(Material provided Opens)
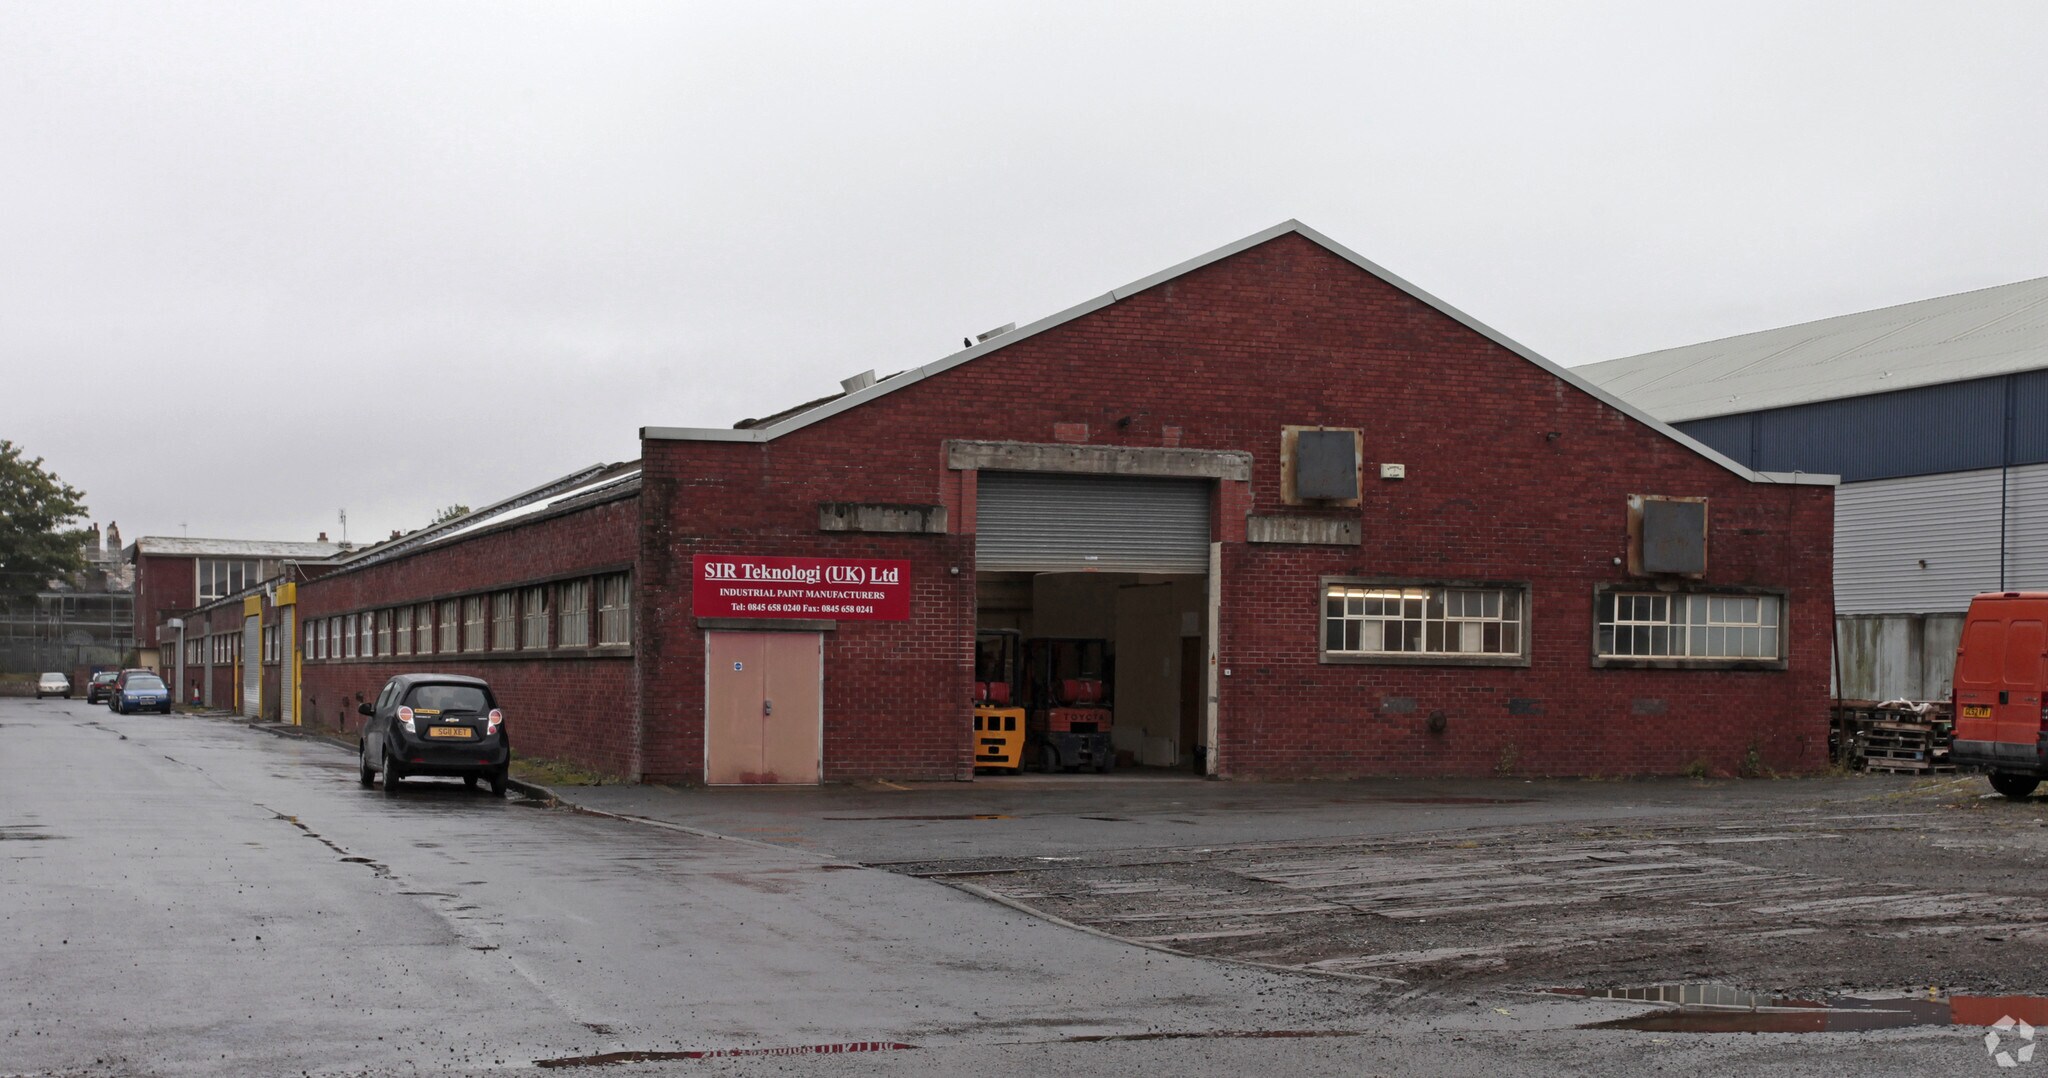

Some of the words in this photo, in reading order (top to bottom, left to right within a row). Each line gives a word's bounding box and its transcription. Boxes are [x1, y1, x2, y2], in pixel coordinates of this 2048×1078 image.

[704, 562, 737, 580] SIR
[741, 563, 821, 584] Teknologi
[825, 565, 866, 585] (UK)
[869, 566, 899, 583] Ltd
[719, 588, 776, 597] INDUSTRIAL
[777, 589, 804, 598] PAINT
[805, 590, 885, 600] MANUFACTURERS
[730, 602, 746, 611] Tel:
[747, 603, 766, 612] 0845
[767, 604, 782, 612] 658
[782, 604, 801, 612] 0240
[802, 604, 820, 613] Fax:
[821, 604, 840, 613] 0845
[840, 605, 855, 613] 658
[856, 605, 874, 614] 0241
[1064, 712, 1104, 721] TOYOTA
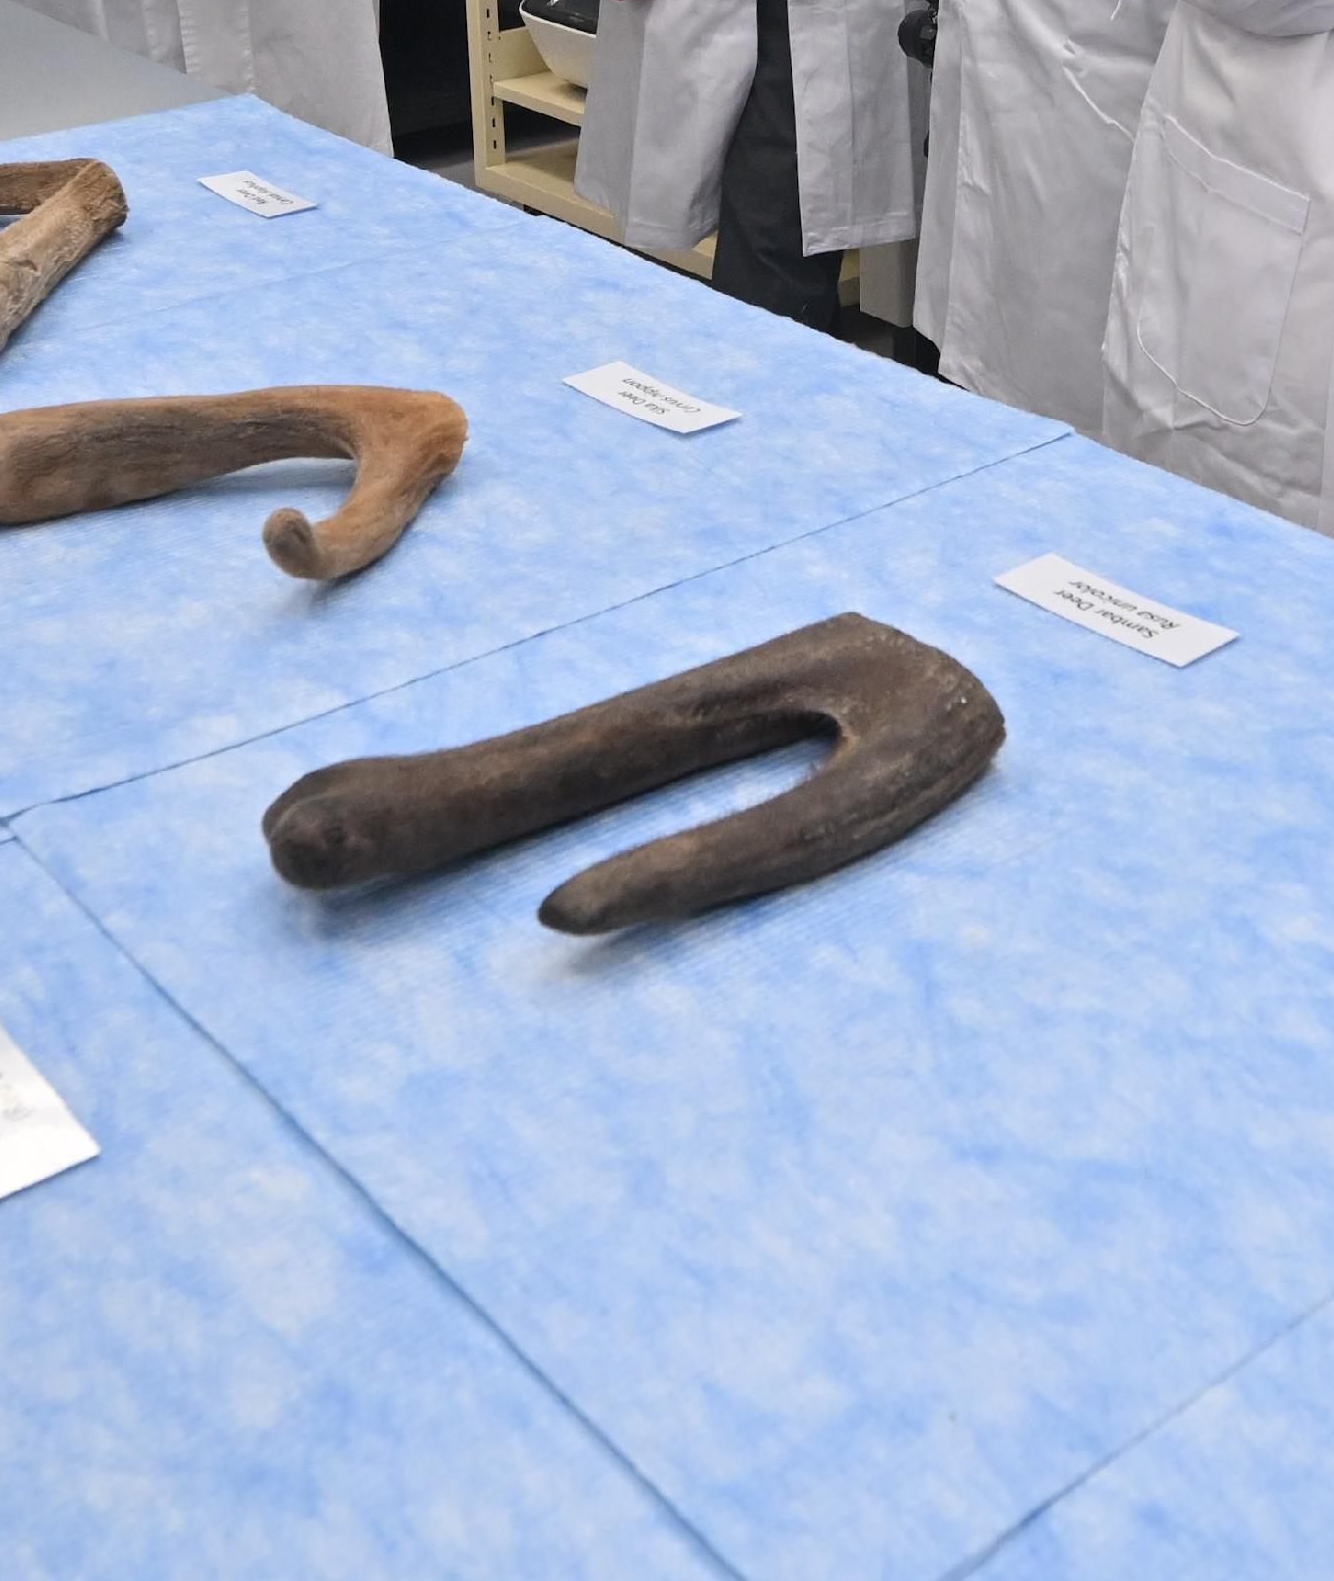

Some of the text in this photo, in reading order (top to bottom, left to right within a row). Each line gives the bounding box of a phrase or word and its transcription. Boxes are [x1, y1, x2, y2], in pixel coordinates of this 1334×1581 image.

[618, 391, 646, 404] Deer
[622, 378, 664, 398] nippon
[1053, 589, 1159, 639] Sambar Deer
[1069, 580, 1181, 631] Rusa unicolor
(Material provided Closes)
* _Task prompt_
Lines from the one containing "Some of the text" through the last line of the data above are the only output wanted; restate them exactly.

* _Solved exercise_
Some of the text in this photo, in reading order (top to bottom, left to right within a row). Each line gives the bounding box of a phrase or word and its transcription. Boxes are [x1, y1, x2, y2], in pixel coordinates of this 1334×1581 image.

[618, 391, 646, 404] Deer
[622, 378, 664, 398] nippon
[1053, 589, 1159, 639] Sambar Deer
[1069, 580, 1181, 631] Rusa unicolor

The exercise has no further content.